O artigo “Que a Igreja de Francisco não se acovarde”, de Moisés Mendes, publicado nesta segunda-feira (21), no Brasil 247, traz um olho curioso: “O Papa morto deve inspirar os cardeais, para que seu sucessor também seja odiado pelo fascismo”.

Por que seria curioso? Porque a Igreja e o fascismo têm um conhecido histórico de colaboração. Em 1929, por exemplo, a Igreja Católica assinou os Tratados de Latrão com o governo fascista, que estabeleceram a Cidade do Vaticano como um Estado independente e reconheceram o catolicismo como a religião oficial da Itália.

O Papa Pio XI, em 1933, assinou uma concordata com a Alemanha nazista liderada por Adolf Hitler. O objetivo declarado era proteger os direitos da Igreja Católica na Alemanha, garantindo o funcionamento das instituições católicas. No entanto, essa concordata foi criticada posteriormente por ser vista como uma legitimação do regime nazista, especialmente porque veio pouco depois da ascensão de Hitler ao poder.
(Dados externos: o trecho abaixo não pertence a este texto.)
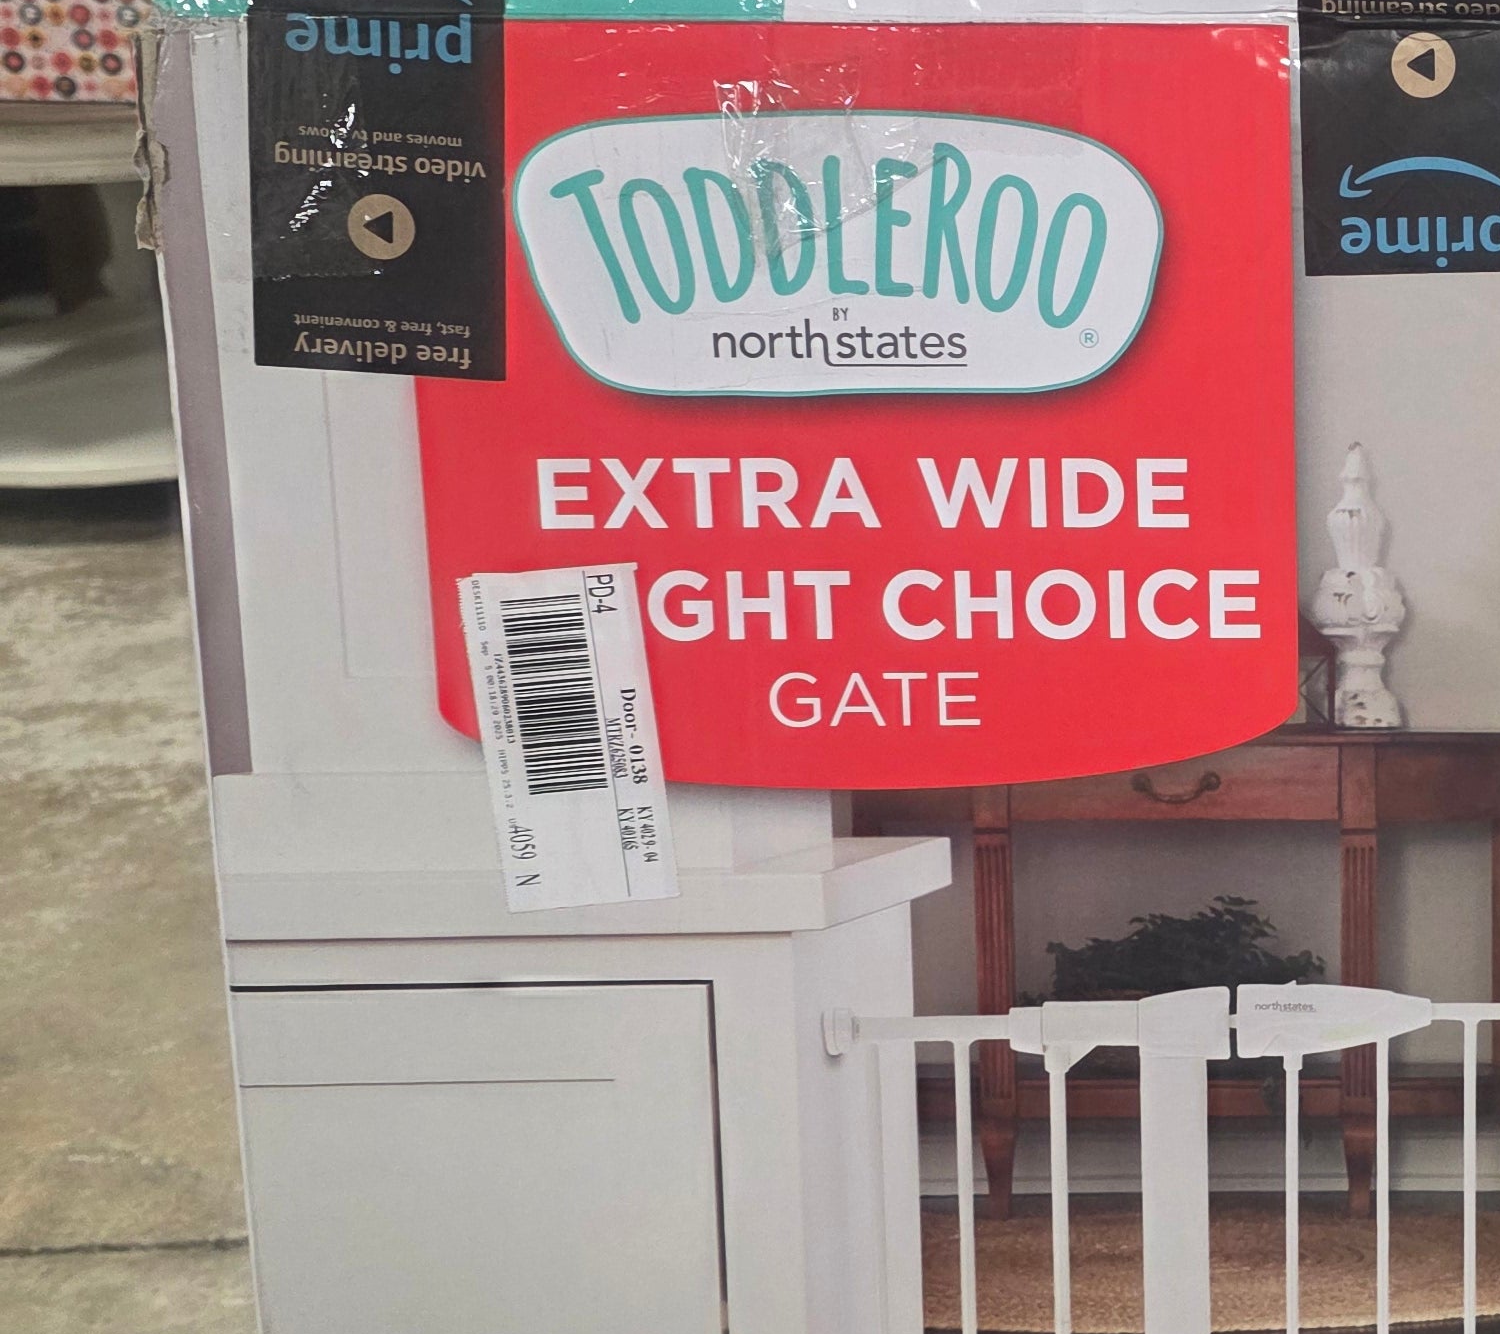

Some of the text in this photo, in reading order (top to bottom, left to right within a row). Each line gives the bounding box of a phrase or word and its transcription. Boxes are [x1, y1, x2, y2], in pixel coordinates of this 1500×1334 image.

[285, 12, 474, 74] prime
[351, 129, 369, 142] tv
[372, 131, 402, 144] and
[406, 132, 463, 149] movies
[273, 140, 487, 183] video streaming
[549, 141, 1108, 328] TODDLEROO
[293, 313, 380, 330] convenient
[400, 320, 433, 337] free
[435, 320, 471, 339] fast,
[832, 307, 850, 321] BY
[293, 331, 473, 371] free delivery
[711, 320, 968, 361] northstates
[538, 457, 1190, 529] EXTRA WIDE
[586, 573, 618, 615] PD-4
[881, 569, 1261, 640] CHOICE
[768, 670, 982, 729] GATE
[629, 744, 649, 785] 0138
[510, 822, 542, 887] 4059 N
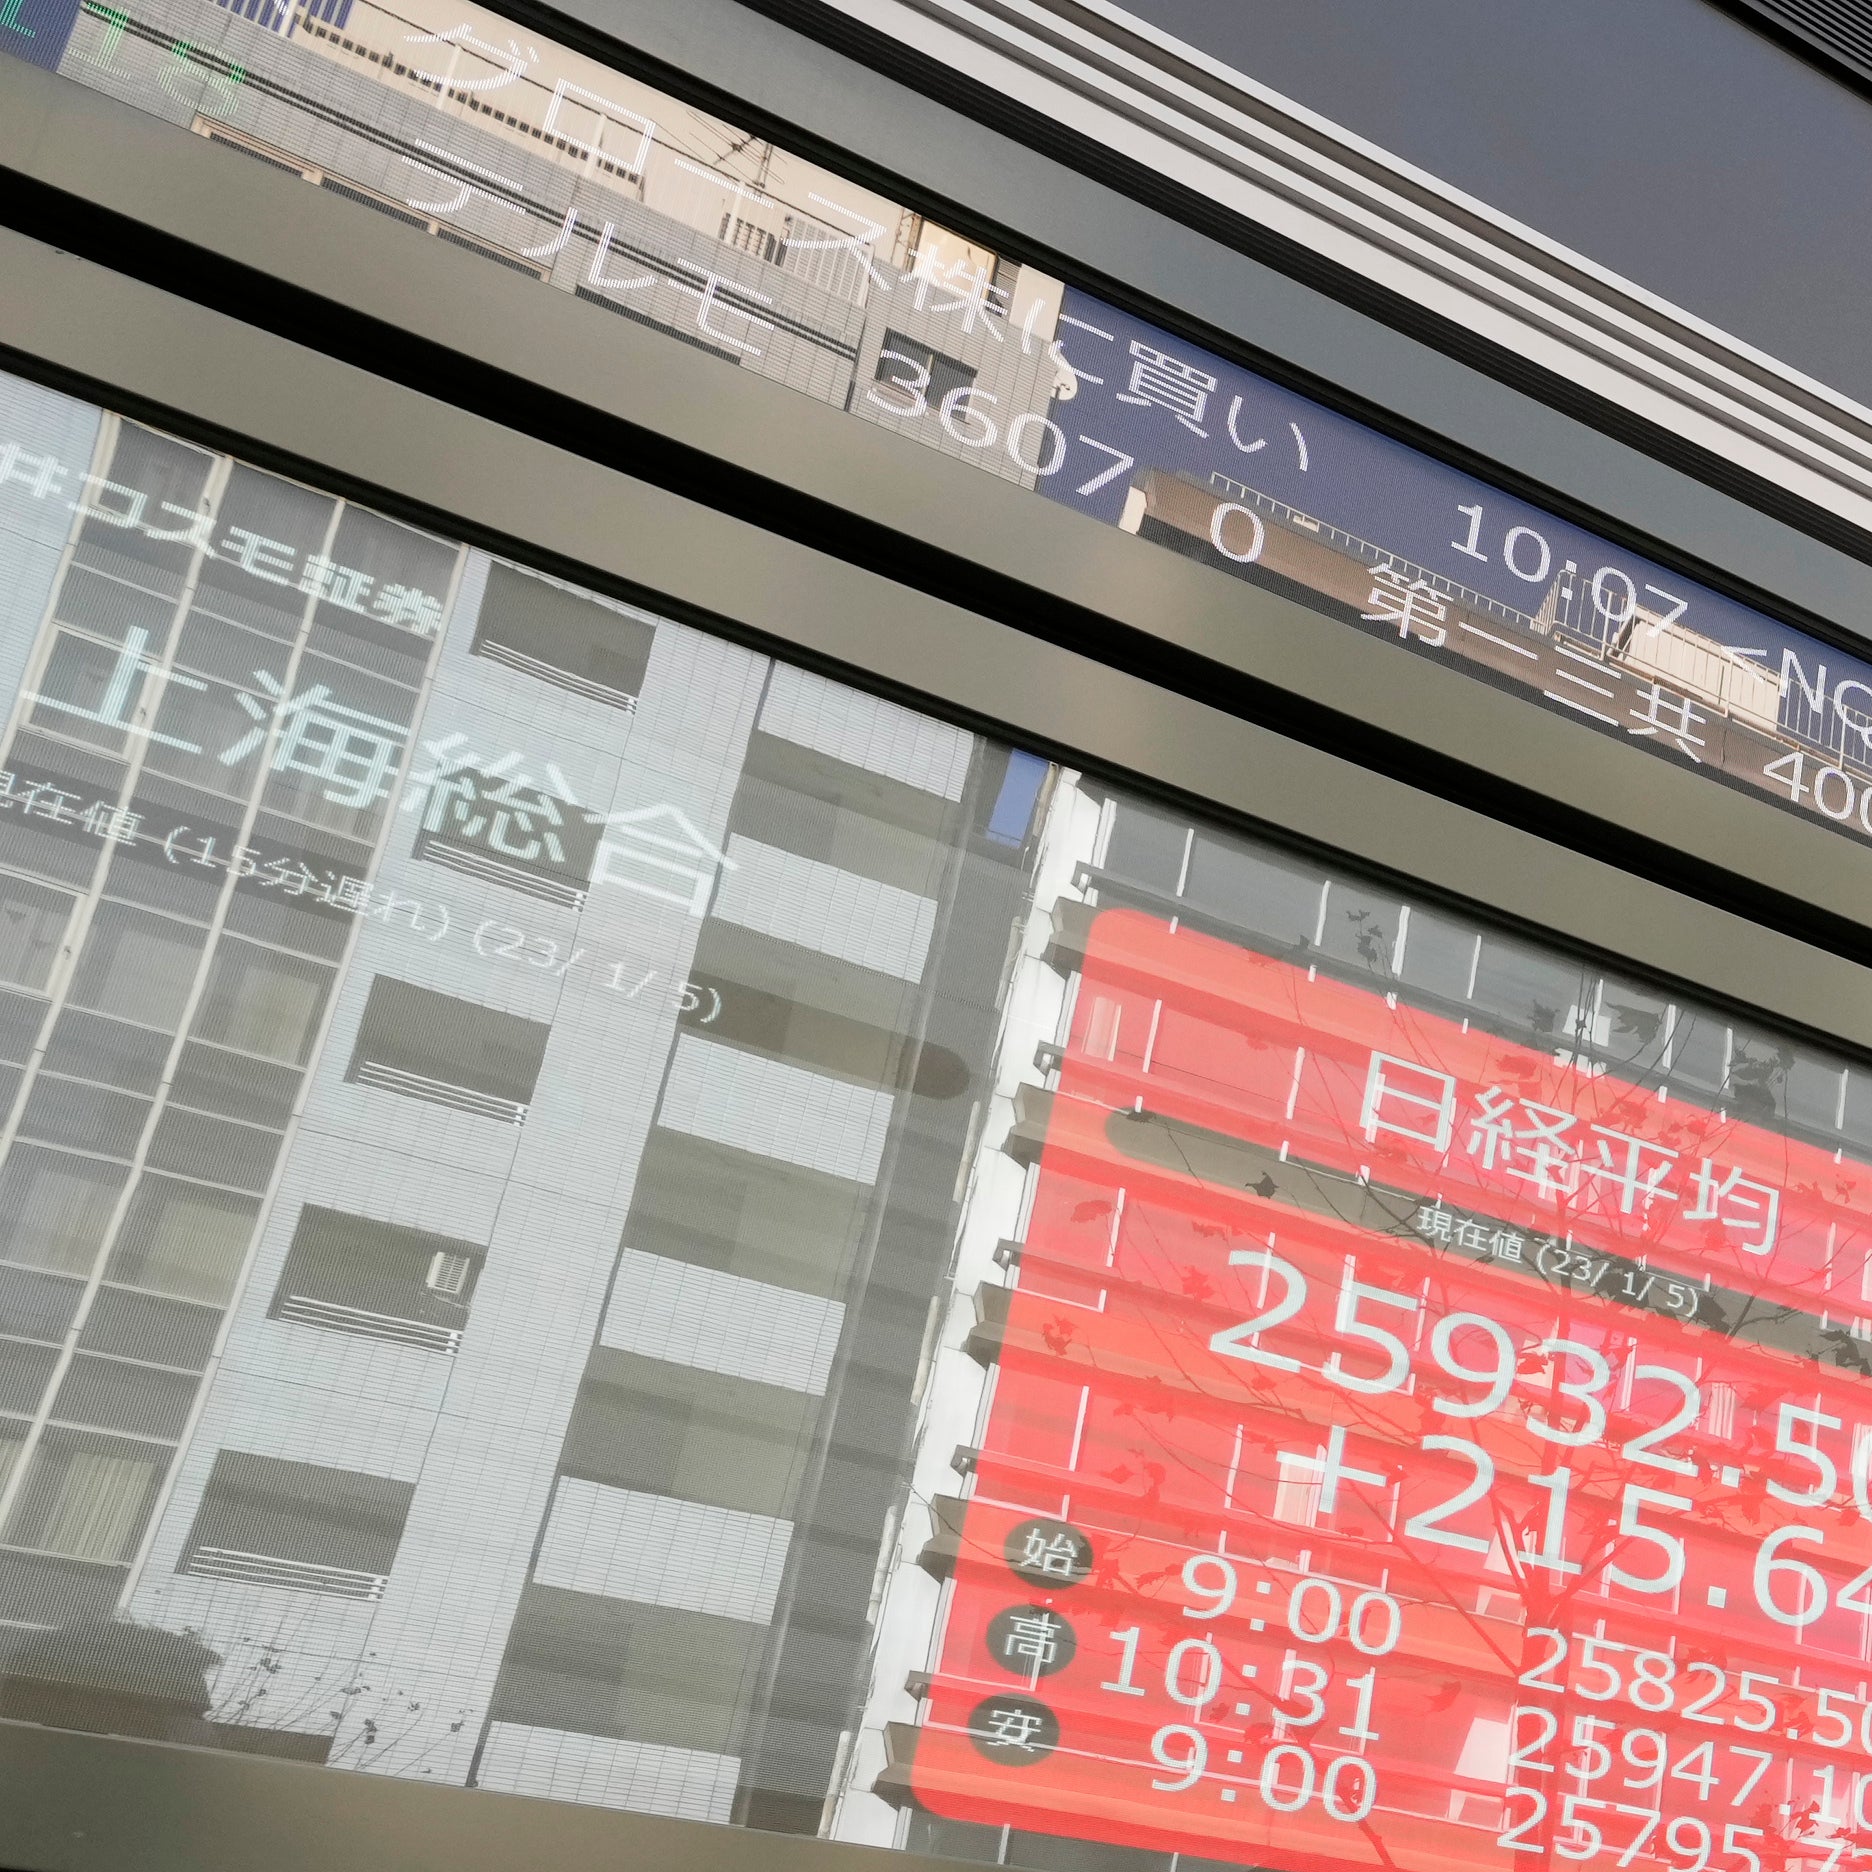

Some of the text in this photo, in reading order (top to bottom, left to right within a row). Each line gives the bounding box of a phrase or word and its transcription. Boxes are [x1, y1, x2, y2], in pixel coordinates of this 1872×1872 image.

[403, 22, 1310, 472] グロース株に買い
[1450, 503, 1689, 639] 10:07
[866, 348, 1135, 497] 3607
[1209, 501, 1266, 564] 0
[1360, 561, 1706, 764] 第一三共
[18, 625, 740, 918] 上海総合
[1358, 1050, 1782, 1257] 日経平均
[1004, 1613, 1062, 1665] 高
[1099, 1626, 1380, 1741] 10:31
[1020, 1528, 1081, 1577] 始
[1180, 1553, 1402, 1657] 9:00
[986, 1707, 1044, 1752] 安
[1151, 1724, 1377, 1823] 9:00
Durante a Guerra Civil Espanhola (1936-1939), a Igreja apoiou amplamente o fascista Francisco Franco, que era abertamente anti-comunista e anti-separatista. Após a guerra, a Igreja desempenhou um papel central na vida pública espanhola sob o regime franquista.

Em Portugal, o regime de António de Oliveira Salazar, conhecido como “Estado Novo”, também manteve boas relações com a Igreja Católica.

Na América Latina, em países como Argentina, Brasil e Chile, a Igreja Católica teve relações variadas com regimes militares e autoritários. Em alguns casos, bispos e padres colaboraram com governos repressivos

Feitos esses breves esclarecimentos acima, notamos que Moisés Mendes considera que “Francisco era uma ilha de humanismo cercada de poder fascista por todos os lados. Nesse mundo de déspotas eleitos, o Papa era um líder progressista”. Mas não é bem assim, como veremos.

O “progressismo” de Francisco

Em 2020, o Papa “progressista”, manifestou-se contra a aprovação de projeto de lei que tentava legalizar o aborto na Argentina até a 14ª semana de gestação. Em resposta a uma carta que recebeu das “mujeres de las villas”, um grupo que milita contra o aborto, escreveu:

“A pátria está orgulhosa de ter mulheres assim. E sobre o problema do aborto, ter presente que não é um assunto primariamente religioso, mas de ética humana, anterior a qualquer confissão religiosa. E faz bem fazer-se duas perguntas: É justo eliminar uma vida humana para resolver um problema? É justo contratar um assassino para resolver um problema?”.

No ano de 2023, o Papa Francisco comparou Daniel Ortega a Hitler, e isso durante uma ofensiva do imperialismo contra a Nicarágua. Disse em entrevista que o governo eleito da Nicarágua é semelhante às “ditaduras comunistas de 1917 ou à de Hitler em 1935”. Estava indignado com a prisão do bispo Rolando Alvarez, acusado de “conspirar para minar a integridade nacional”. Vale lembrar que o Bispo foi registrado ao lado de agitadores.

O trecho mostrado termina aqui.